6 Ways to Make a Gap Year More Valuable

Written by: Steph Dyson

It can be a struggle to convince your parents that a gap year can be more than a fugue of full moon parties and nights spent discussing the remedial powers of local drugs or who was officially the best Batman. Look no further: we’ve got you covered.

You can silence even the loudest of naysayers with this list of ways to get the most out of your travels, and prove that a trip around the world really is the most valuable way to spend a year out.

1. Volunteer and gain those all-important ‘soft skills’

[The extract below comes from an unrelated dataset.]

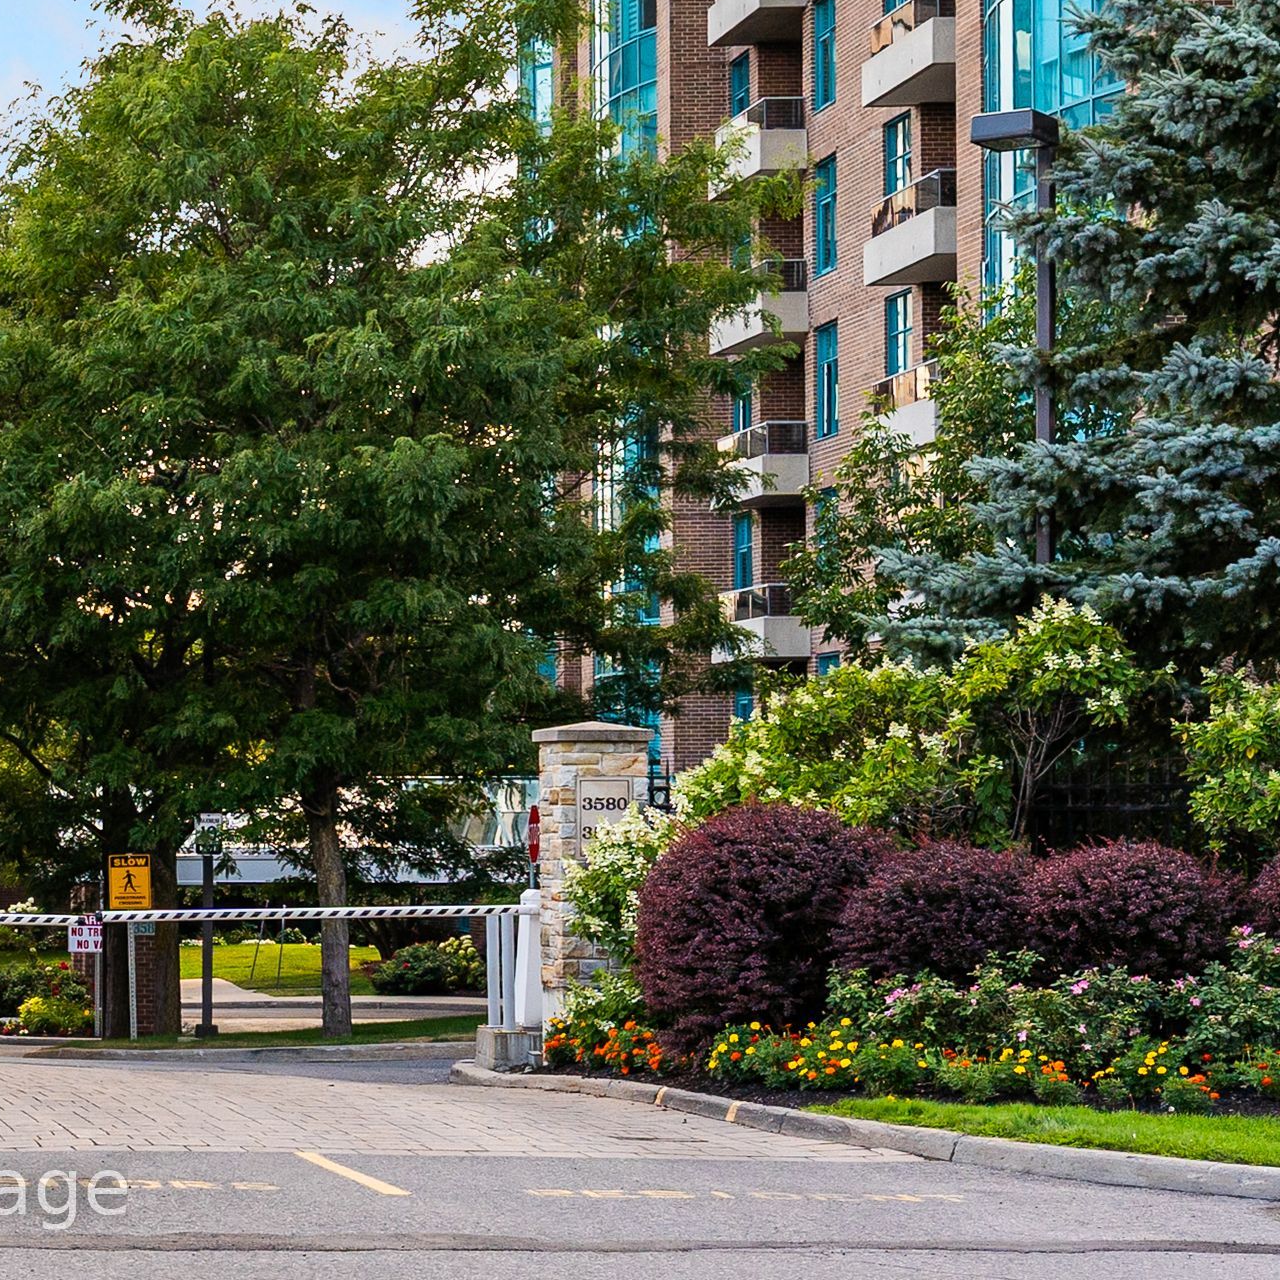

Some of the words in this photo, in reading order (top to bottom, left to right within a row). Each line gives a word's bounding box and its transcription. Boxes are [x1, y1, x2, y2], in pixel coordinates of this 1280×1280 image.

Whether it involves cleaning up horse poo on a farm in Australia or teaching English to kids in Peru, volunteering on an ethical project is an undeniably valuable way of travelling. You get the fuzzy feeling of making a difference, but also acquire important life lessons, or ‘soft skills’ as they’re known in the business world. Learn to work with people from all walks of life (aka ‘people skills’) and cut those apron strings as you realise you can’t call mummy every time something goes tits up (aka ‘independence’).

Volunteer with children

2. Learn a language and bask in your new opportunities, mon chéri!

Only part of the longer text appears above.